• Work instruction:
All of the entries below need repeating exactly, apart from their images.

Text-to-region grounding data
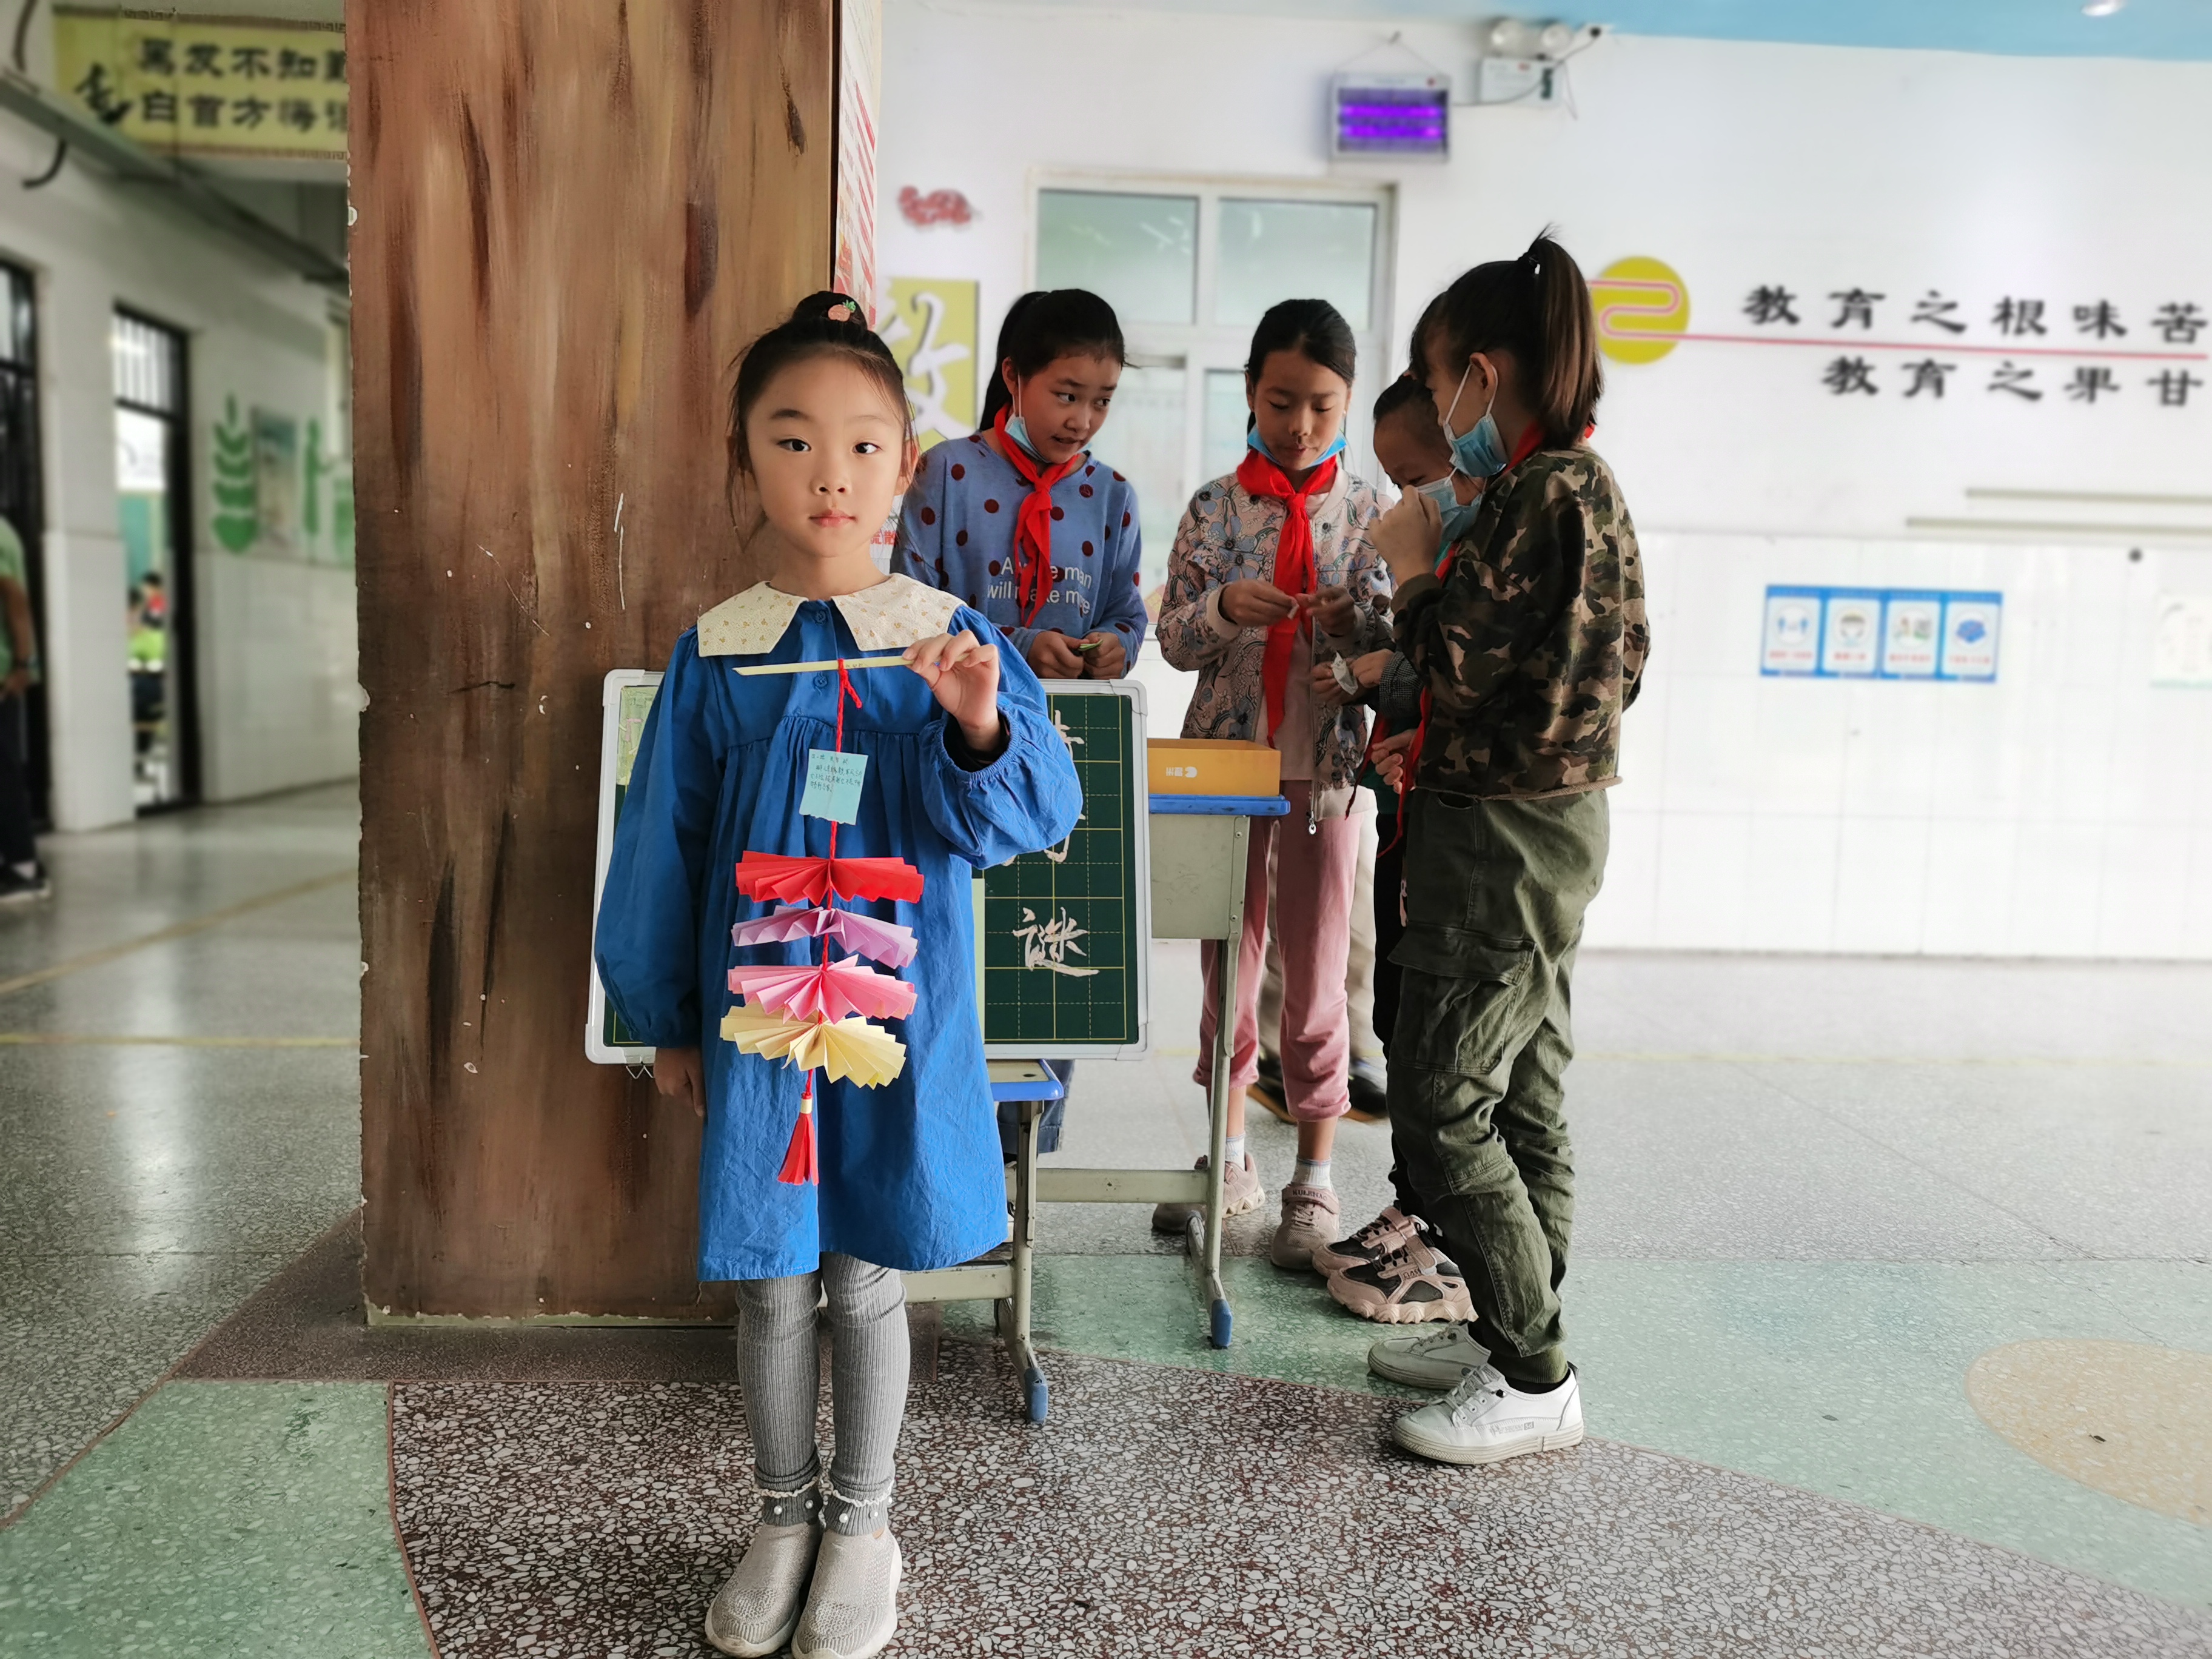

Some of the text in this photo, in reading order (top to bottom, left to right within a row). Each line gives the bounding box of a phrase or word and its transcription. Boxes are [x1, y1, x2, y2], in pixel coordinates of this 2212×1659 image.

[1742, 285, 2208, 344] 教育之根味苦
[1822, 356, 2204, 406] 教育之果甘
[1001, 556, 1014, 575] A
[987, 580, 1011, 600] will
[1014, 585, 1060, 603] ae

• Written answer:
Some of the text in this photo, in reading order (top to bottom, left to right within a row). Each line gives the bounding box of a phrase or word and its transcription. Boxes are [x1, y1, x2, y2], in pixel coordinates of this 2212×1659 image.

[1742, 285, 2208, 344] 教育之根味苦
[1822, 356, 2204, 406] 教育之果甘
[1001, 556, 1014, 575] A
[987, 580, 1011, 600] will
[1014, 585, 1060, 603] ae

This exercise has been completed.